Re: LOR route vr0

From: M. Warner Losh <imp_at_bsdimp.com>
Date: Sat, 27 Aug 2005 12:04:48 -0600 (MDT)
In message: <20050827184153.A24510_at_fledge.watson.org>
            Robert Watson <rwatson_at_FreeBSD.org> writes:
: On Sat, 27 Aug 2005, M. Warner Losh wrote:
: 
: > : Generally speaking, network interface device driver locks follow network
: > : stack locks in the lock order.  However, I've not really looked much at
: > : the route table locking so can't speak to whether that is the case
: > : specifically for routing locks.  If it is, the below traces reflect the
: > : correct order, and you might want to add a hard-coded entry to witness in
: > : order to catch the reverse order.
: >
: > Can you pose a quickie summary on how to do that? I tried last night and 
: > was unsuccessful...
: 
: You need to add an entry to subr_witness.c creating a graph edge between 
: the softc lock and the routing lock.  An example of an entry in 
: subr_witness.c:
: 
:          /*
:           * TCP/IP
:           */
:          { "tcp", &lock_class_mtx_sleep },
:          { "tcpinp", &lock_class_mtx_sleep },
:          { "so_snd", &lock_class_mtx_sleep },
:          { NULL, NULL },
: 
: Note that sets of ordered entries are terminated with a double-null.  This 
: declares that locks of type "tcp" preceed "tcpinp" which preceed 
: "so_snd".

So would I add "ed1" to the list or "network driver"?

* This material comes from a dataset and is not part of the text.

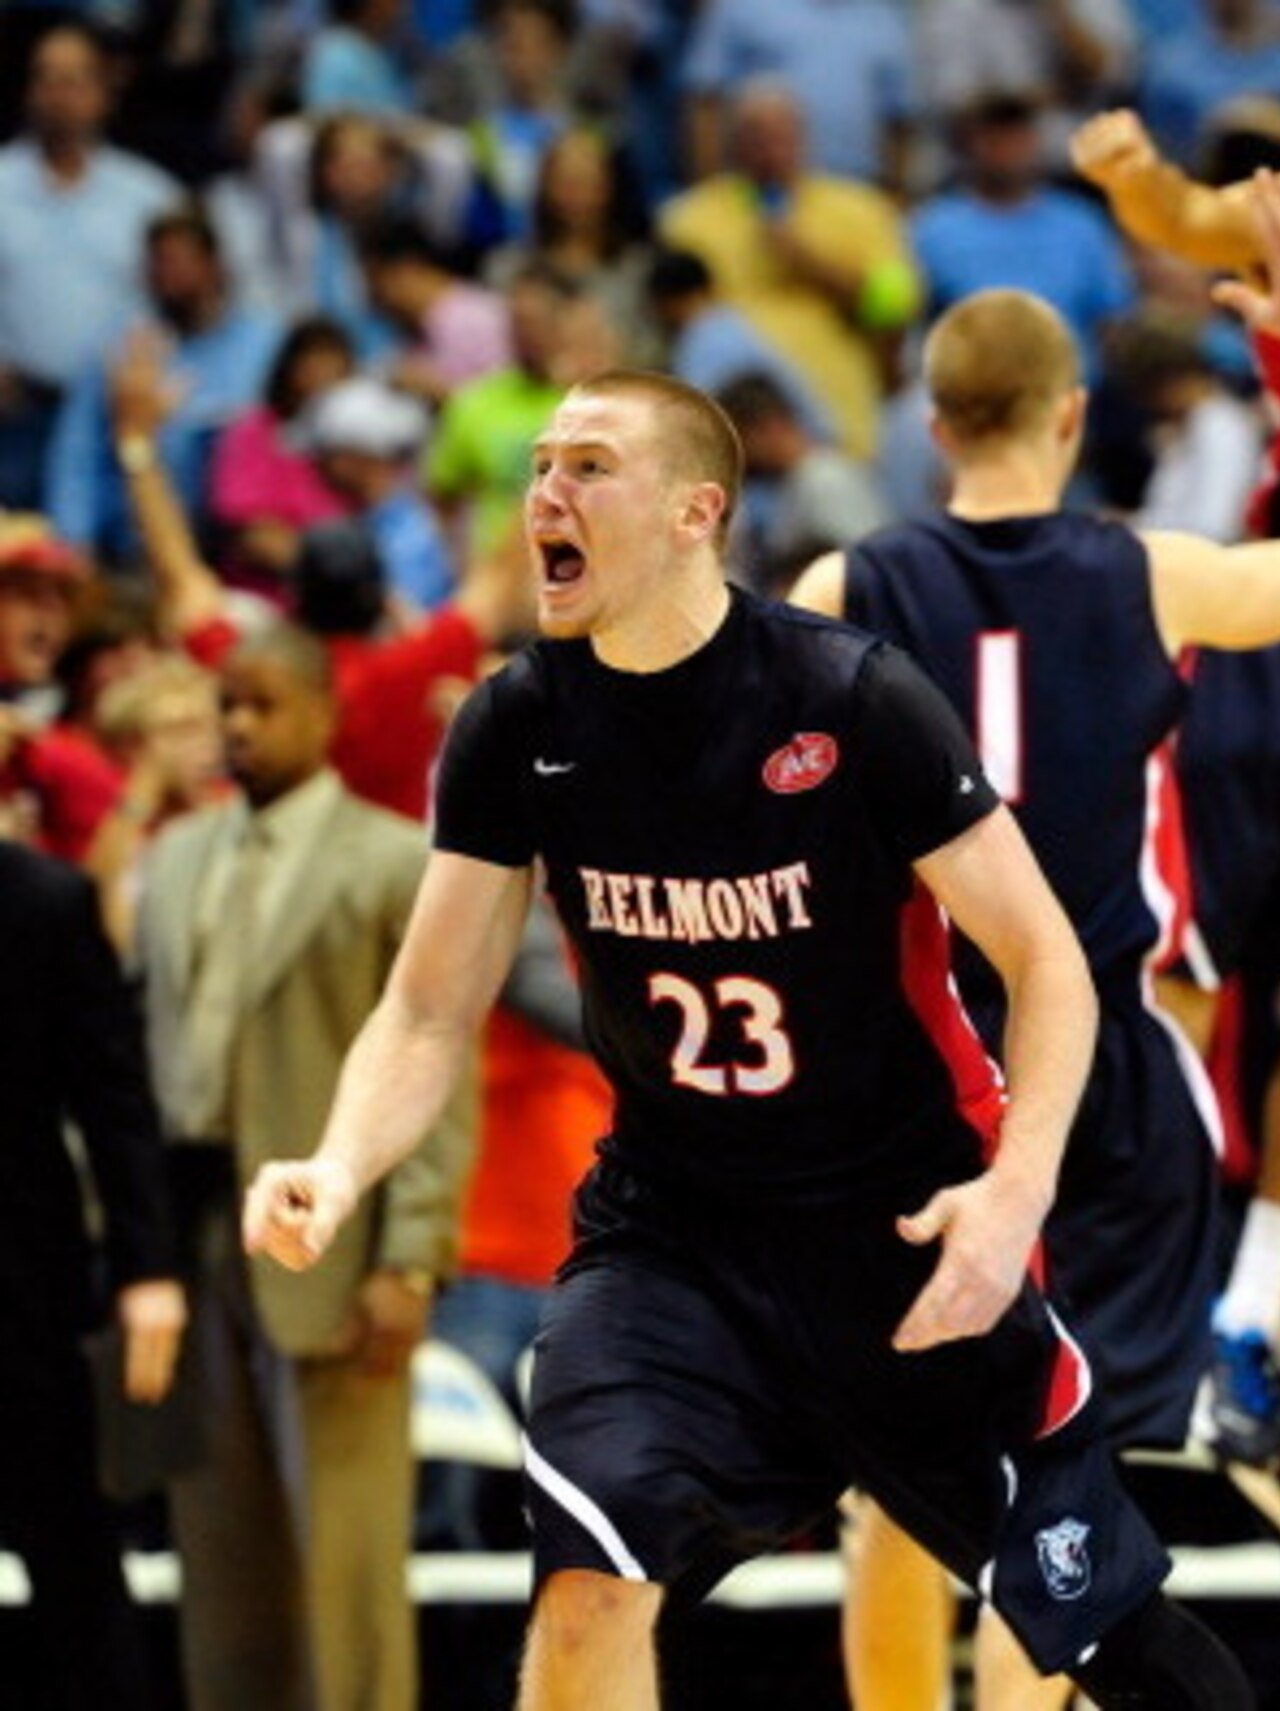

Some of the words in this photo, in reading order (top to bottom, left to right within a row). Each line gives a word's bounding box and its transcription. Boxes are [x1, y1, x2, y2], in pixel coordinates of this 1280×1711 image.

: > : Lock order reversals between the
: > : network stack and device drivers tend to occur as a result of the device
: > : driver calling into the network stack while holding the device driver
: > : mutex.
: >
: > I'm as sure as I can be that no locks are held when I call INTO the 
: > network layer.  As far as I can tell, I only do that when I call 
: > ifp->if_input, and I drop the locks to do that.
: 
: If I had to guess, you do a media status update, which can cause routing 
: socket events indicating the link went up or down.

No link moditoring, since the ED card I'm testing has no mii bus.
That might be ANOTHER problem, but it isn't this one :-).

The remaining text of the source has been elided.